▸ Task description
Beginning at the line containing "this 1333×1500 image.", print every line until the records end, keeping each exactly as it is.

● ● ●

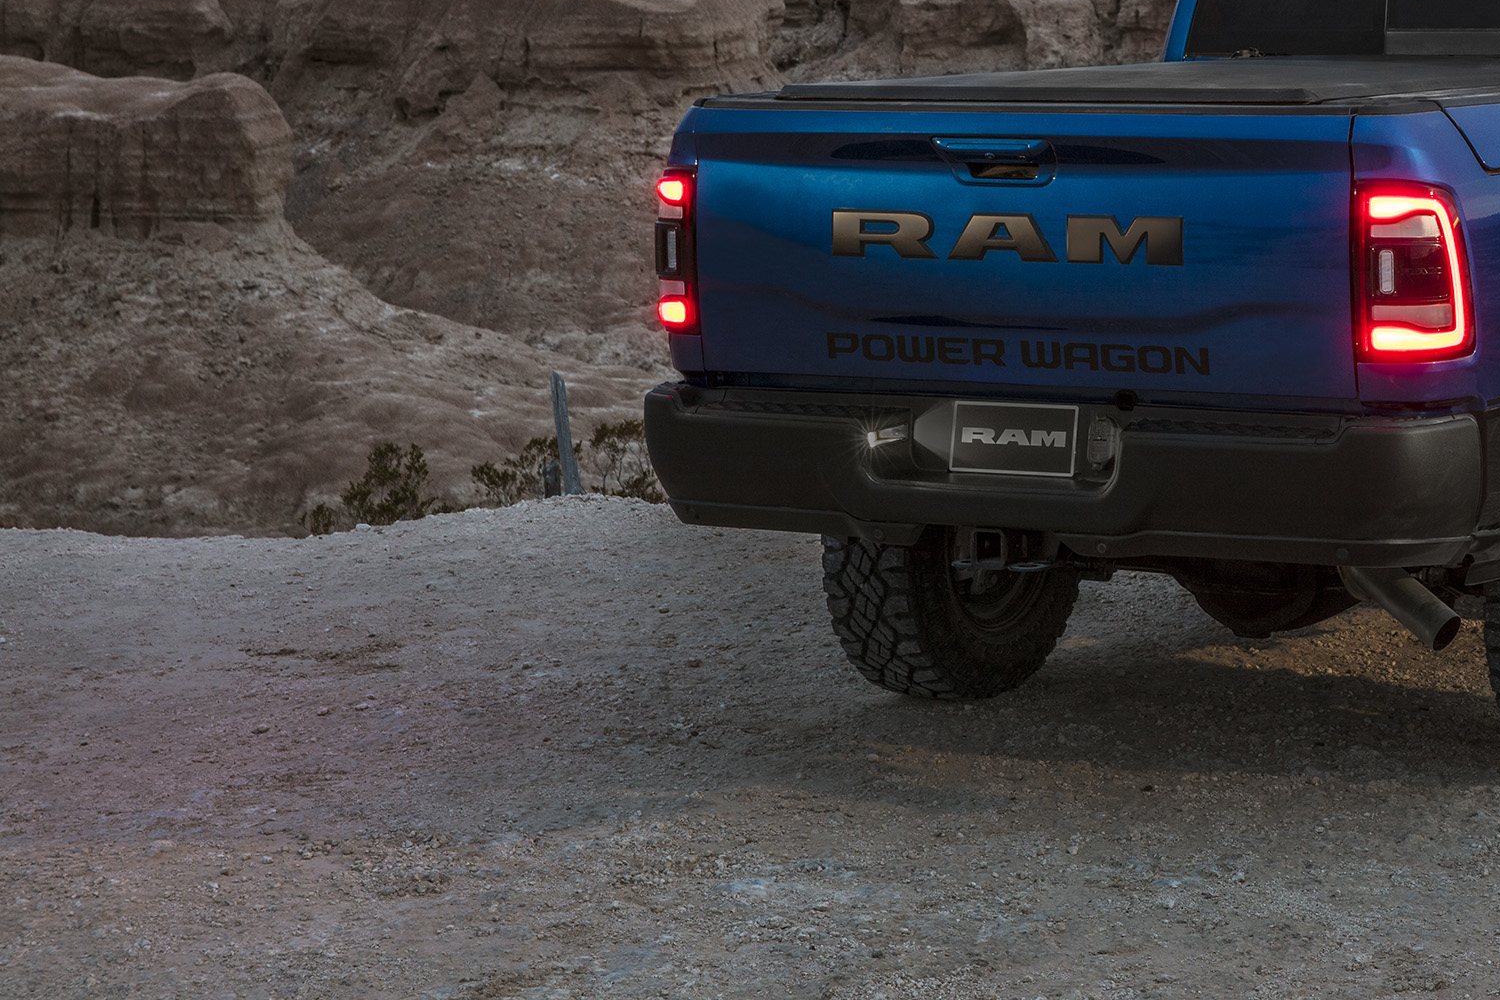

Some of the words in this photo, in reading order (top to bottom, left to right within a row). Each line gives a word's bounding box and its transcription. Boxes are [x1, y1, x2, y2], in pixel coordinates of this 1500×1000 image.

[831, 208, 1185, 266] RAM
[826, 332, 1006, 367] POWER
[1020, 340, 1210, 376] WAGON
[961, 427, 1067, 448] RAM
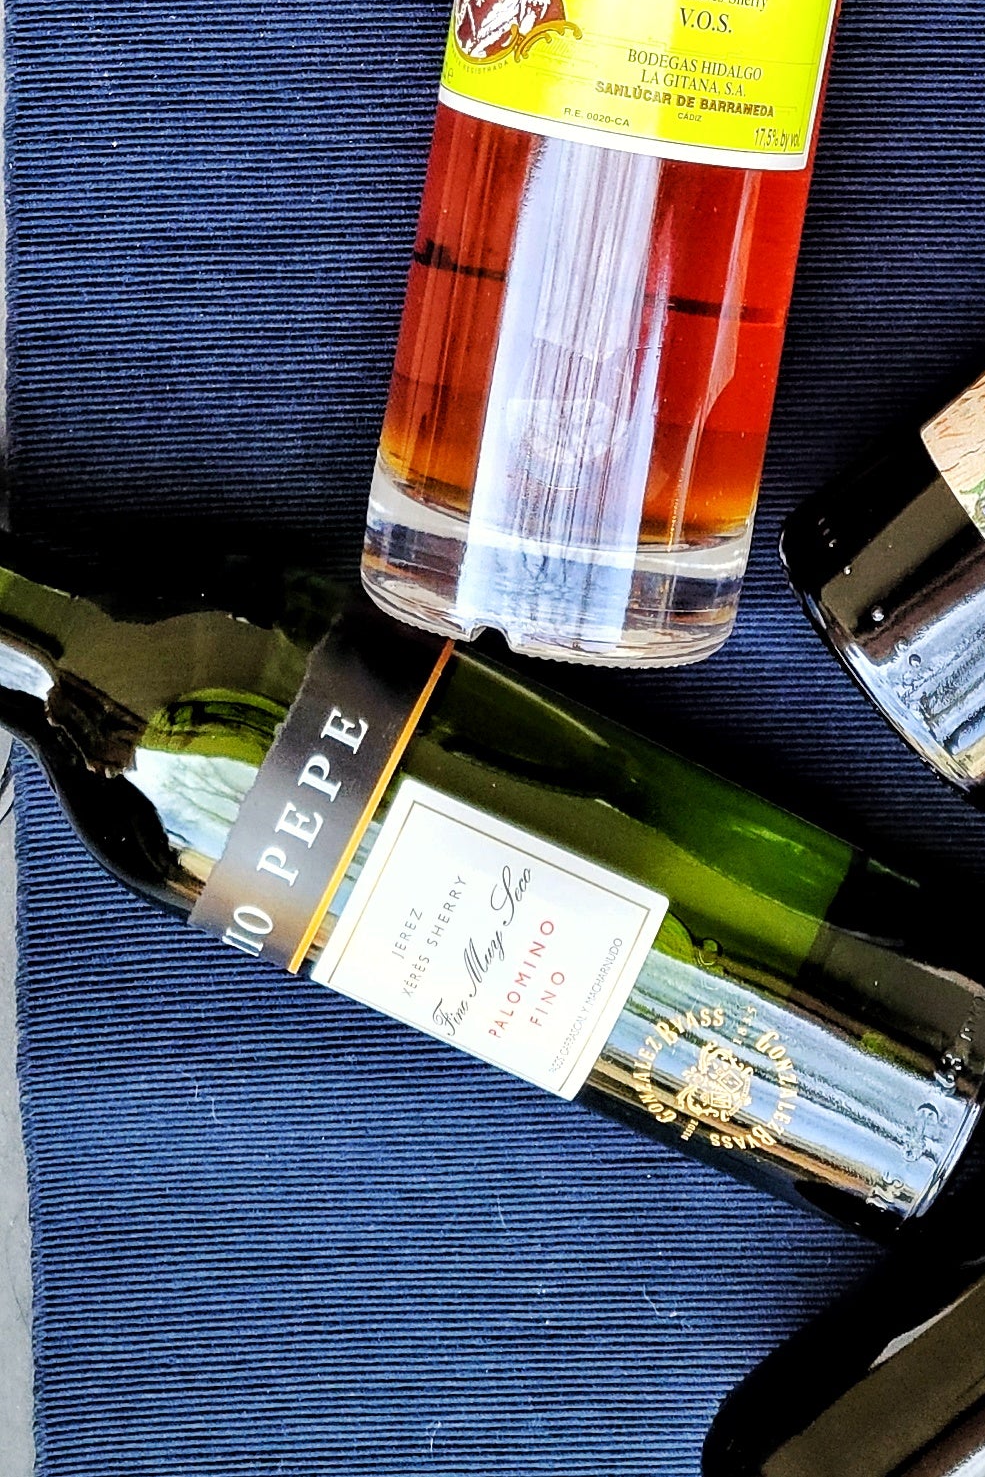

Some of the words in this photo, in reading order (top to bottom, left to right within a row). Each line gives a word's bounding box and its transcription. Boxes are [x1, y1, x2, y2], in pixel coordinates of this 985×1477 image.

[679, 8, 732, 33] V.O.S.
[628, 48, 698, 73] BODEGAS
[701, 60, 763, 81] HIDALGO
[641, 69, 660, 85] LA
[663, 74, 721, 95] GITANA,
[725, 81, 746, 98] S.A.
[564, 106, 584, 119] R.E.
[586, 111, 631, 127] 0020-CA
[595, 80, 672, 105] SANLÚCAR
[676, 94, 696, 109] DE
[699, 96, 775, 118] BARRAMEDA
[780, 131, 790, 152] by
[221, 905, 274, 957] IO
[256, 706, 369, 888] PEPE
[427, 875, 467, 948] SHERRY
[392, 908, 424, 960] JEREZ
[463, 930, 506, 998] Muy
[490, 865, 532, 927] Seco
[488, 920, 555, 1039] PALOMINO
[584, 937, 624, 1007] MACHARNUDO
[529, 971, 566, 1027] FINO
[656, 1008, 725, 1047] BYASS
[709, 1124, 778, 1151] BYASS
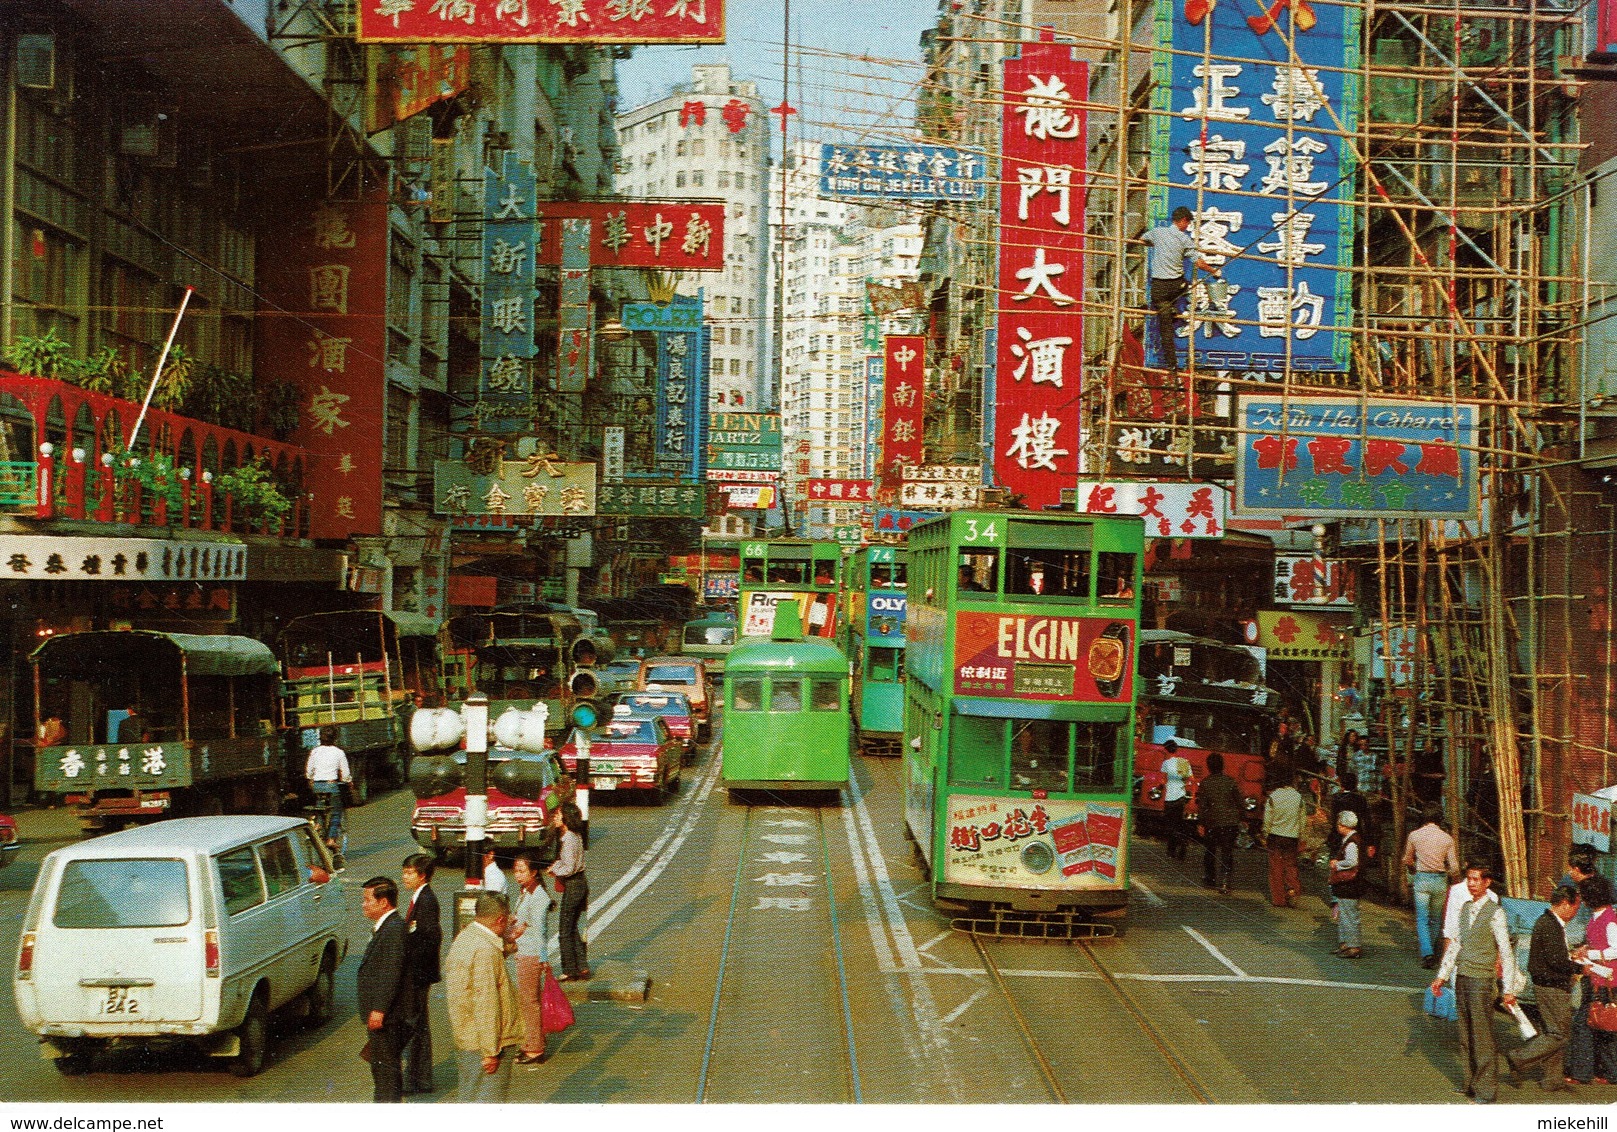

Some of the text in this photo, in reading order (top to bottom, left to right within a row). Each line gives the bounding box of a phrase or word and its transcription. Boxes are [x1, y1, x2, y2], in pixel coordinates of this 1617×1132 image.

[1004, 74, 1079, 472] 龍門大酒樓
[488, 183, 526, 393] 大新眼鏡
[624, 308, 700, 326] ROLEX
[890, 345, 918, 478] 中南銀行
[964, 520, 998, 541] 34
[745, 543, 764, 556] 66
[873, 549, 892, 561] 74
[871, 597, 907, 611] OLY
[997, 617, 1079, 661] ELGIN
[786, 656, 795, 668] 4
[98, 999, 140, 1014] 1242
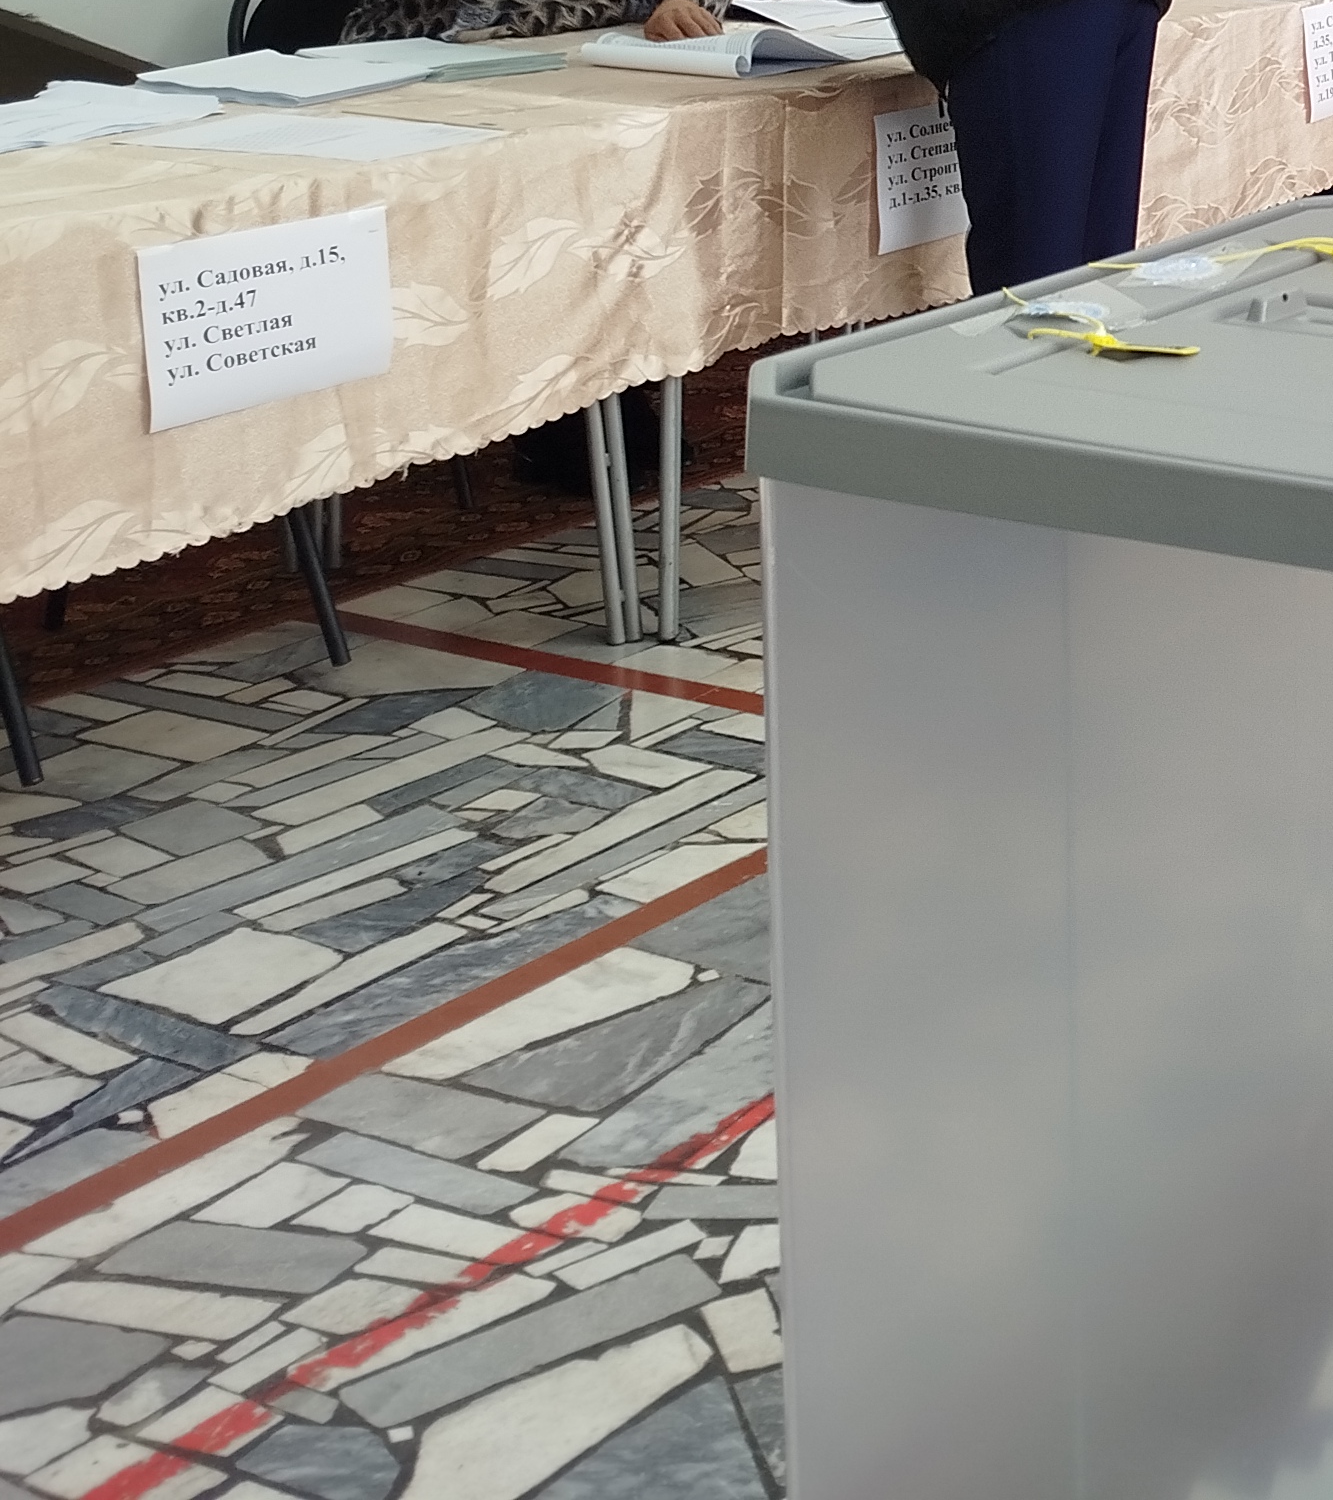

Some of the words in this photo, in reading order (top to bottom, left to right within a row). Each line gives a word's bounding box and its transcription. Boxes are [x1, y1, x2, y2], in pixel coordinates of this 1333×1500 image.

[1310, 21, 1325, 34] ул.
[1313, 56, 1328, 70] ул.
[1315, 74, 1330, 88] ул.
[886, 132, 907, 148] ул.
[887, 154, 907, 169] ул.
[887, 176, 908, 191] ул.
[158, 279, 190, 301] ул.
[197, 260, 294, 287] Садовая,
[300, 245, 346, 271] д.15,
[161, 289, 257, 325] кв.2-д.47
[164, 336, 197, 358] ул.
[203, 314, 293, 344] Светлая
[167, 365, 200, 386] ул.
[206, 336, 317, 372] Советская

● ● ●

▸ Exercise output
Some of the words in this photo, in reading order (top to bottom, left to right within a row). Each line gives a word's bounding box and its transcription. Boxes are [x1, y1, x2, y2], in pixel coordinates of this 1333×1500 image.

[1310, 21, 1325, 34] ул.
[1313, 56, 1328, 70] ул.
[1315, 74, 1330, 88] ул.
[886, 132, 907, 148] ул.
[887, 154, 907, 169] ул.
[887, 176, 908, 191] ул.
[158, 279, 190, 301] ул.
[197, 260, 294, 287] Садовая,
[300, 245, 346, 271] д.15,
[161, 289, 257, 325] кв.2-д.47
[164, 336, 197, 358] ул.
[203, 314, 293, 344] Светлая
[167, 365, 200, 386] ул.
[206, 336, 317, 372] Советская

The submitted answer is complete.